Una cosa va comunque ricordata: Dostoevskij è un grande scrittore, non un filosofo, un pensatore. È un errore trarre dai suoi romanzi un sistema astratto di idee, isolarne il contenuto ideologico per dedurne costruzioni organiche: tale contenuto, privo della sua traduzione poetica, dà l’illusione della forma filosofica, ma è in realtà pieno di contraddizioni e di curiose incoerenze. La sua ricerca non va in direzione speculativa: il suo oggetto è la psiche umana imperfetta, l’anima ferita, ribelle, l’anima che anela all’armonia, che si dibatte tra il bene e il male, che cerca la sua realizzazione completa attraverso prove dolorose, angosciose lacerazioni”.

Diario di un conflitto, cronaca di un naufragio, I fratelli Karamazov è un romanzo d’enorme respiro, monumentale nella costruzione, di eccezionale radicalità nelle conclusioni, magistrale nello svolgimento (con al centro di tutto il brutale omicidio del padre, che come una maledizione lega le vite dei tre figli e le trascina verso un destino d’angoscia, morte ed espiazione). Nelle pagine di questo capolavoro ogni cosa è colta nella sua essenza, perfettamente rappresentata, resa indimenticabile: la povertà degli uomini e delle cose, la schiavitù degli appetiti, la presunzione della ragione, la colpa, intesa come piaga dell’anima, e la giustizia formale e opaca dei tribunali, di “Cesare” (che punisce gli atti senza mai essere in grado di comprenderne le motivazioni e per questo si riduce a mero meccanismo, a inumano ingranaggio sociale), il salvifico riparo della fede.

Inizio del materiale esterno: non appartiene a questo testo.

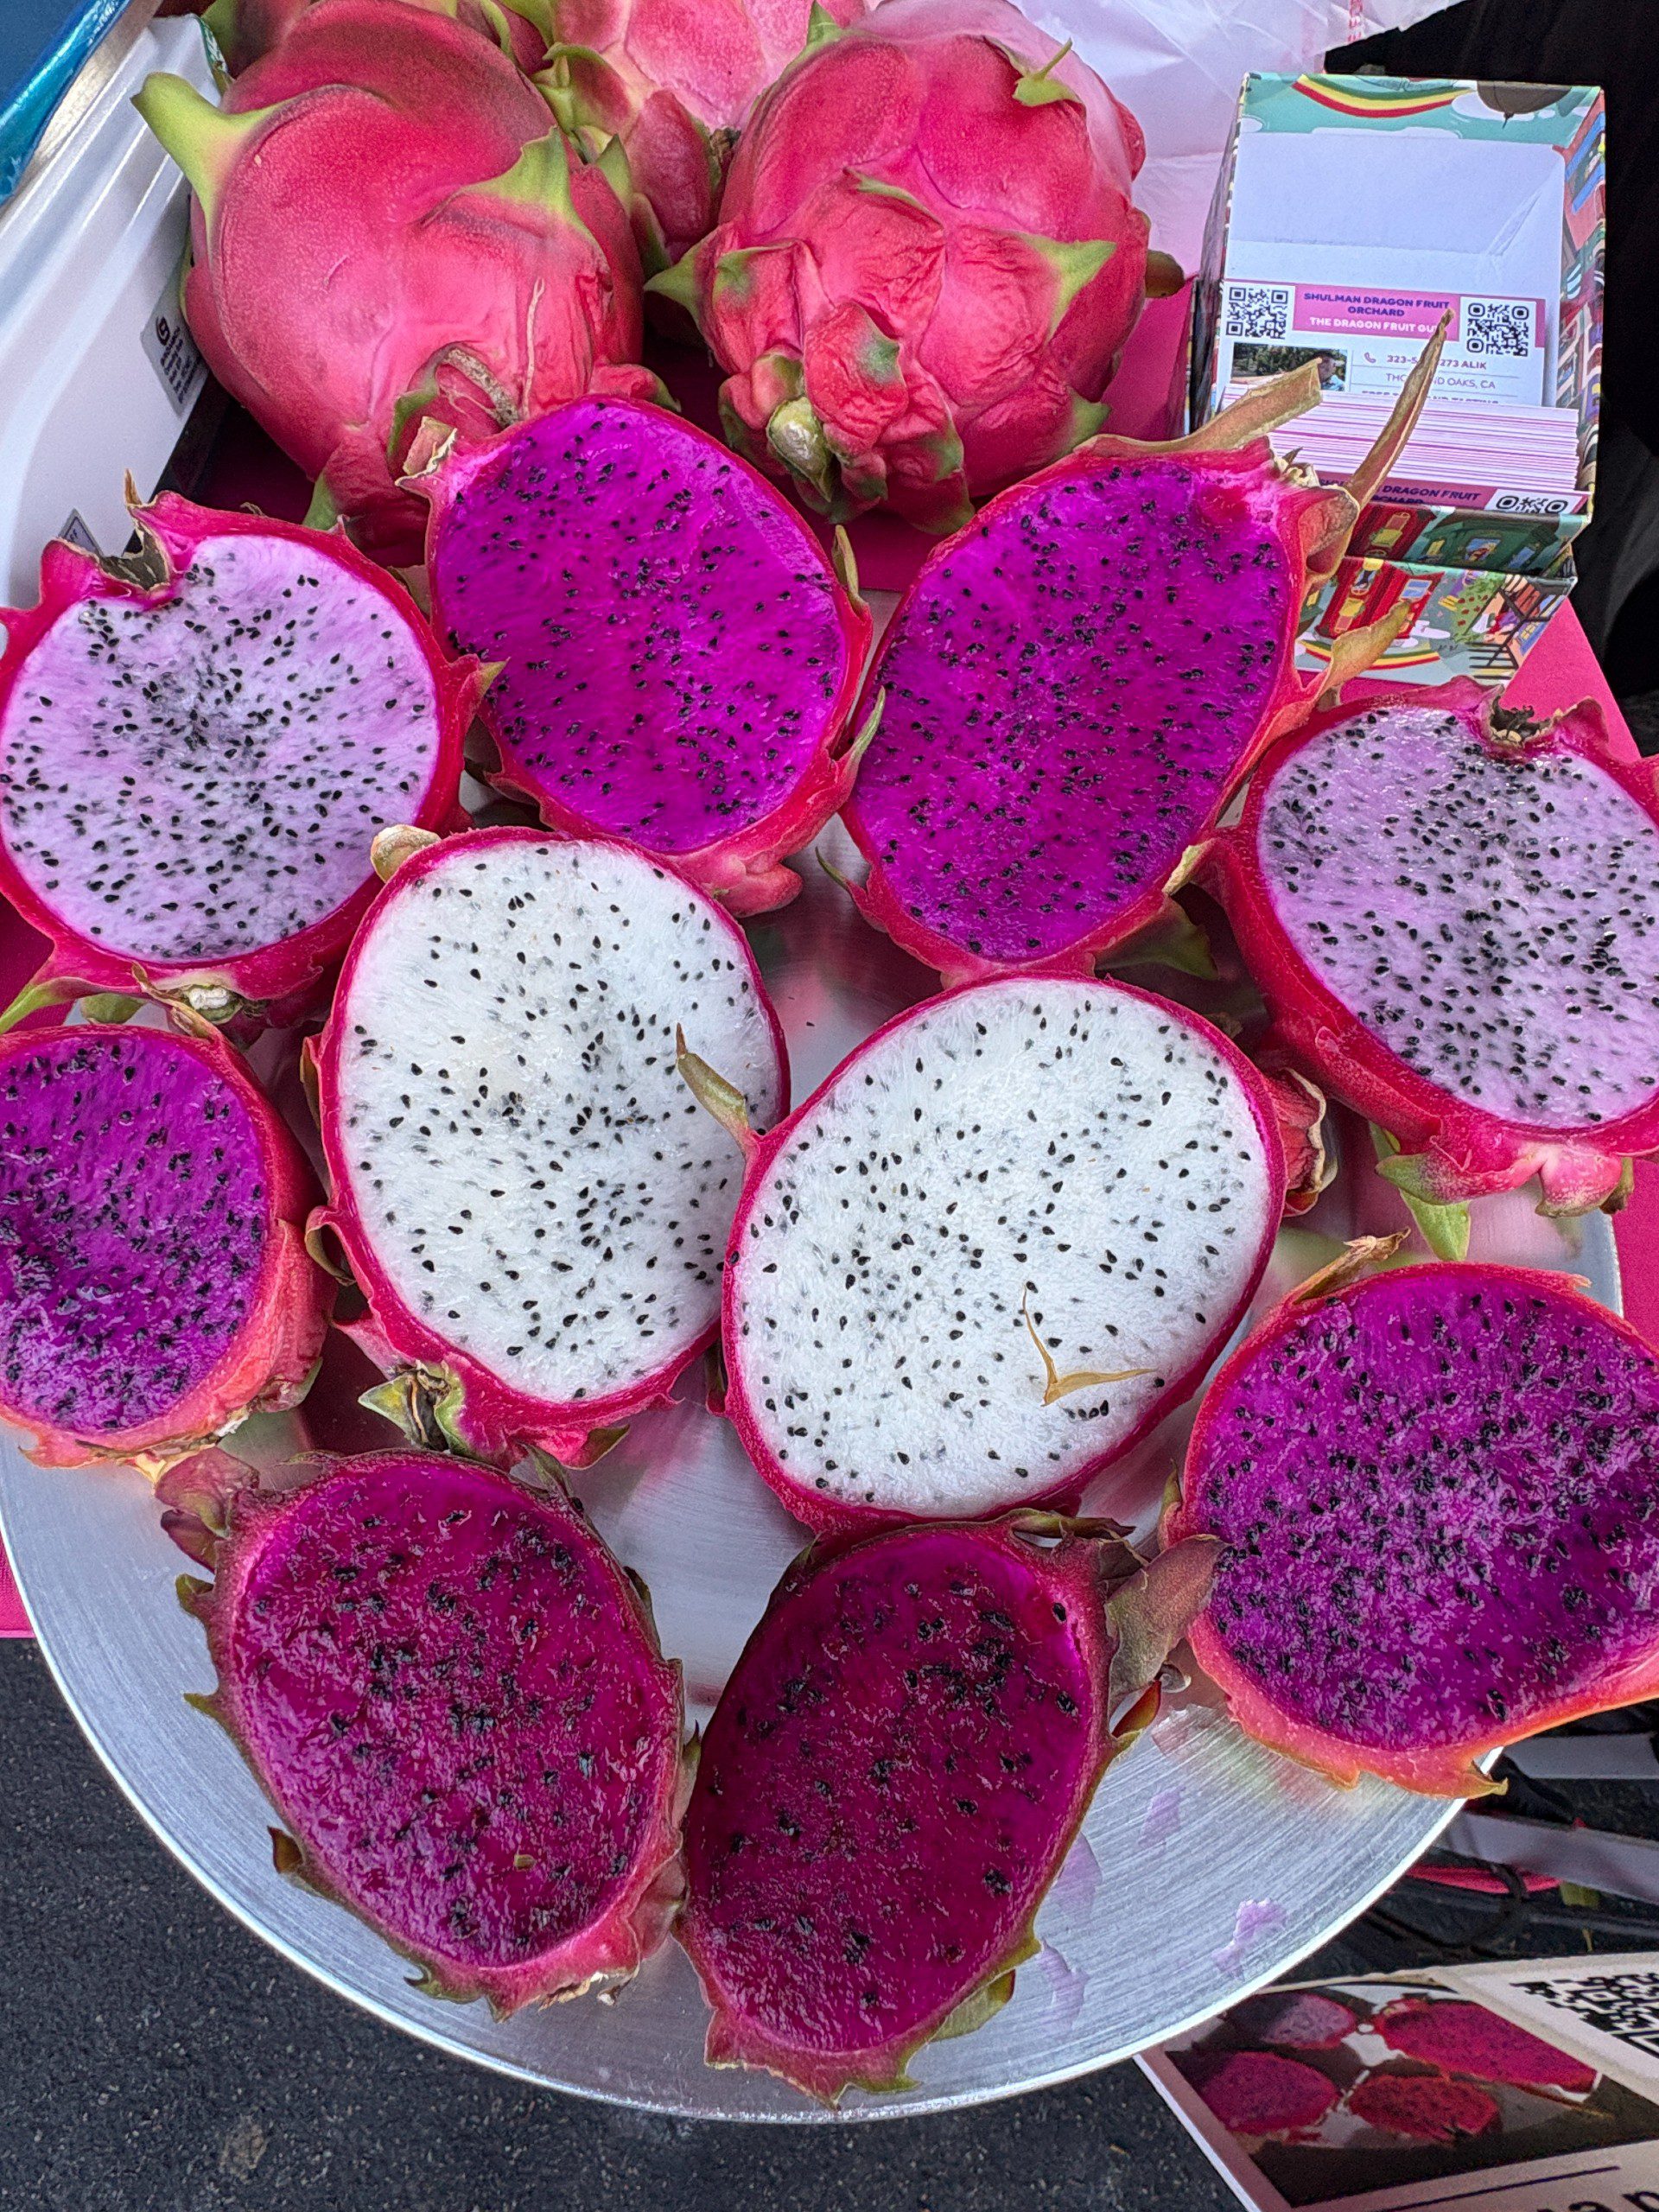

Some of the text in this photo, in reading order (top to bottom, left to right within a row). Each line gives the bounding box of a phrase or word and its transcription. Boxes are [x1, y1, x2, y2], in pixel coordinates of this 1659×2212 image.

Lasciatevi incantare da questo splendido lavoro, dall’inesauribile ricchezza tematica e stilistica di Dostoevskij. Non ve ne pentirete, perché non esiste seduzione più pura, né più sincera, di questa.

Eccovi l’incipit del romanzo (la traduzione è di Alfredo Polledro). Buona lettura.

Aleksjej Fjodorovic Karamazov era il terzo figlio di un proprietario del nostro distretto, Fjodor Pavlovic Karamazov, tanto noto ai suoi tempi (e ricordato, del resto, fra noi ancor oggi) per la tragica e oscura sua fine, avvenuta giusto tredici anni fa e della quale parlerò a suo luogo. Di questo «proprietario» (come da noi lo si chiamava, sebbene in tutta la sua vita non avesse quasi mai abitato nella sua proprietà) dirò ora solamente che era un tipo strano, come se ne incontrano però abbastanza spesso, e cioè il tipo dell’uomo non solo basso e corrotto, ma anche, in pari tempo, scervellato; era tuttavia di quegli scervellati che san fare egregiamente i loro affarucci d’interesse, e, a quel che sembra, questi soltanto. Fjodor Pavlovic, per esempio, aveva cominciato quasi dal nulla, era un proprietario minuscolo, che correva a pranzare di qua e di là alla tavola altrui, spiava ogni occasione di fare il parassita, e nondimeno gli si trovarono al momento della morte ben centomila rubli in contanti. E al tempo stesso però aveva continuato per tutta la vita a essere uno dei più scriteriati stravaganti del nostro intero distretto. Ripeto ancora: questa non è stupidità – la maggior parte di questi stravaganti è abbastanza intelligente ed astuta, – ma proprio mancanza di criterio, e per giunta di un carattere particolare, nazionale.